Your answer must be the records below, given again exactly, with no pictures in it.

[Dataset entries]
Content starts

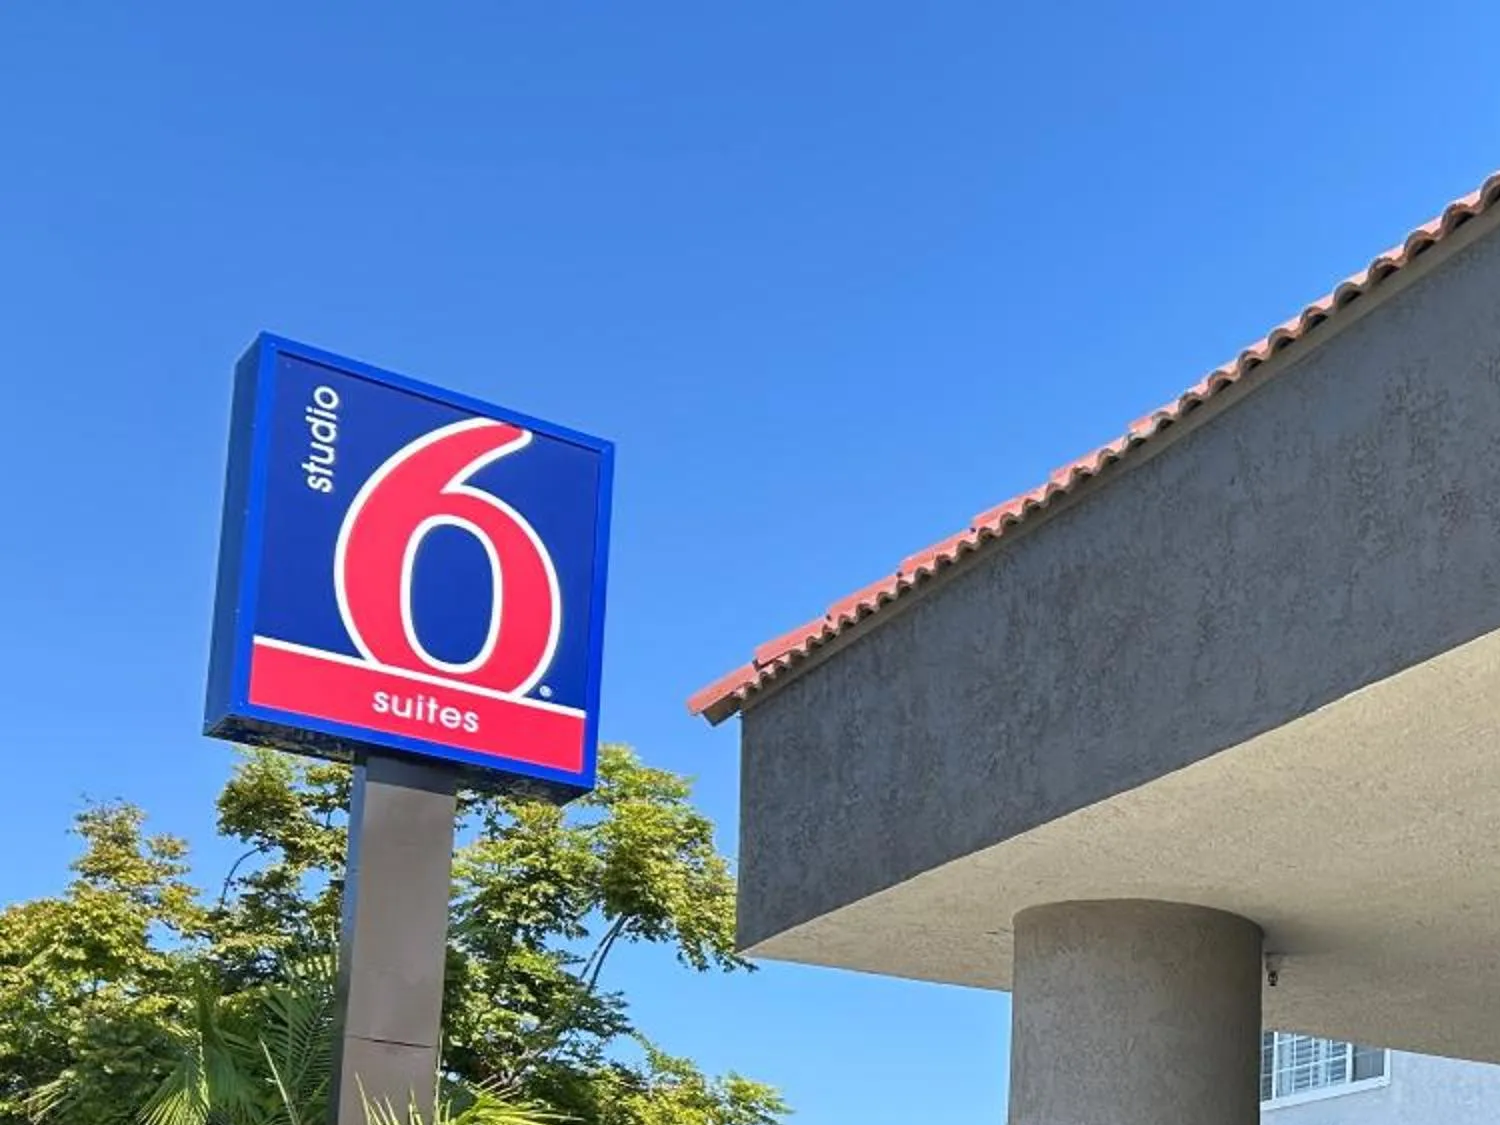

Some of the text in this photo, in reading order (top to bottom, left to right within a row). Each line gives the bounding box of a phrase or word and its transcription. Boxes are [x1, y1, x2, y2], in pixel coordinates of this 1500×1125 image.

[301, 385, 340, 493] studio
[334, 417, 561, 699] 6
[372, 690, 480, 734] suites
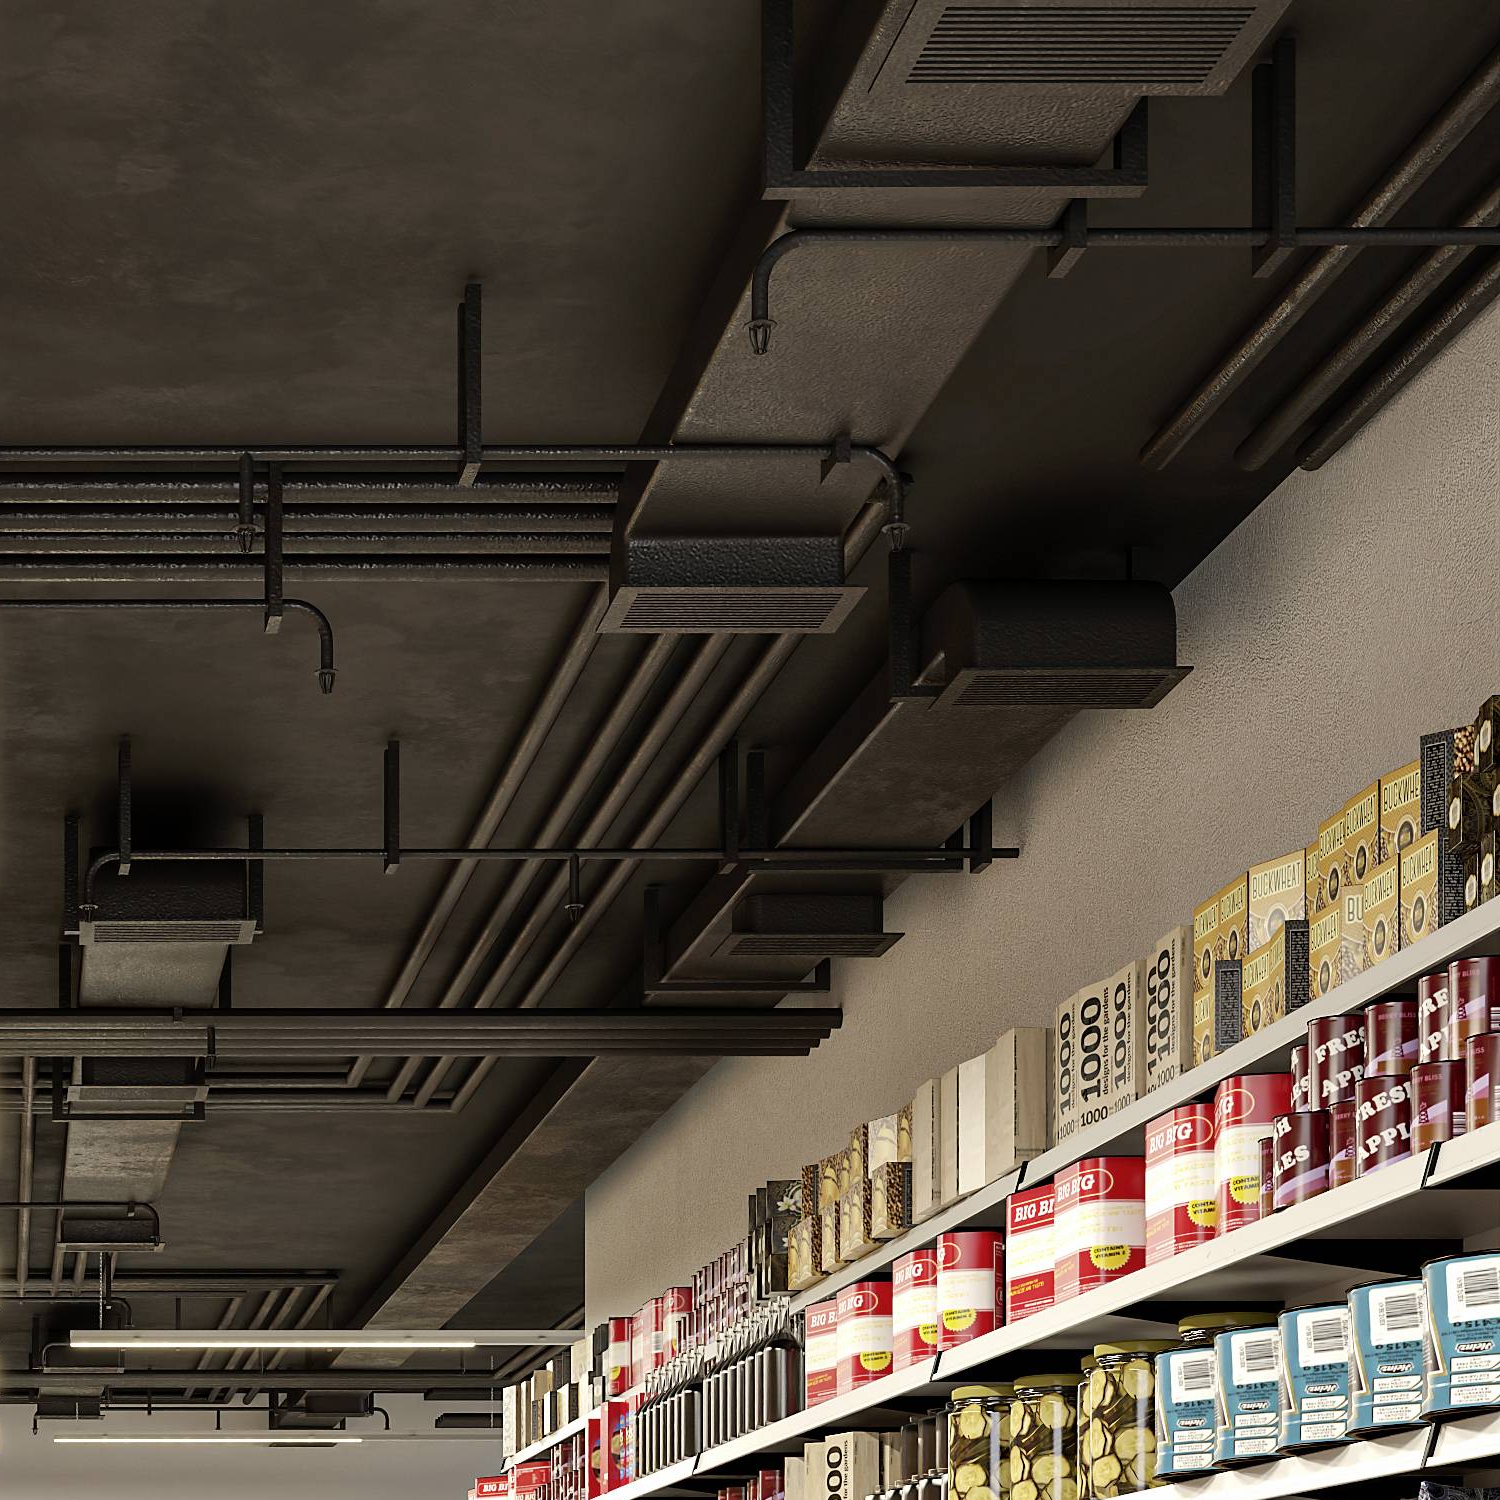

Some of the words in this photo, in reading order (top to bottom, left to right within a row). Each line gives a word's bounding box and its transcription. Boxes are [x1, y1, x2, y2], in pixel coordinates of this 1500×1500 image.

[1383, 771, 1420, 814] BUCKWHE
[1252, 861, 1301, 899] BUCKWHEAT
[1102, 987, 1110, 1025] gardens
[1157, 949, 1171, 1062] 1000
[1080, 997, 1101, 1103] 1000
[1114, 981, 1127, 1091] 1000
[1314, 1025, 1366, 1065] FRES
[1059, 1012, 1071, 1116] 1000
[1102, 1059, 1110, 1095] designs
[1321, 1064, 1365, 1098] APP
[1059, 1119, 1076, 1140] 1000
[1080, 1105, 1108, 1127] 1000
[1149, 1134, 1164, 1154] BIG
[1165, 1123, 1193, 1145] BIG
[1357, 1122, 1411, 1165] APPL
[1057, 1185, 1070, 1201] BIG
[1071, 1174, 1095, 1196] BIG
[1014, 1202, 1037, 1223] BIG
[1038, 1198, 1055, 1217] BI
[905, 1263, 923, 1280] BIG
[810, 1314, 827, 1328] BIG
[497, 1483, 508, 1491] BI

Content ends

_OUTPUT OF THE TASK:_
Some of the text in this photo, in reading order (top to bottom, left to right within a row). Each line gives the bounding box of a phrase or word and its transcription. Boxes are [x1, y1, x2, y2], in pixel coordinates of this 1500×1125 image.

[301, 385, 340, 493] studio
[334, 417, 561, 699] 6
[372, 690, 480, 734] suites

Some of the words in this photo, in reading order (top to bottom, left to right within a row). Each line gives a word's bounding box and its transcription. Boxes are [x1, y1, x2, y2], in pixel coordinates of this 1500×1500 image.

[1383, 771, 1420, 814] BUCKWHE
[1252, 861, 1301, 899] BUCKWHEAT
[1102, 987, 1110, 1025] gardens
[1157, 949, 1171, 1062] 1000
[1080, 997, 1101, 1103] 1000
[1114, 981, 1127, 1091] 1000
[1314, 1025, 1366, 1065] FRES
[1059, 1012, 1071, 1116] 1000
[1102, 1059, 1110, 1095] designs
[1321, 1064, 1365, 1098] APP
[1059, 1119, 1076, 1140] 1000
[1080, 1105, 1108, 1127] 1000
[1149, 1134, 1164, 1154] BIG
[1165, 1123, 1193, 1145] BIG
[1357, 1122, 1411, 1165] APPL
[1057, 1185, 1070, 1201] BIG
[1071, 1174, 1095, 1196] BIG
[1014, 1202, 1037, 1223] BIG
[1038, 1198, 1055, 1217] BI
[905, 1263, 923, 1280] BIG
[810, 1314, 827, 1328] BIG
[497, 1483, 508, 1491] BI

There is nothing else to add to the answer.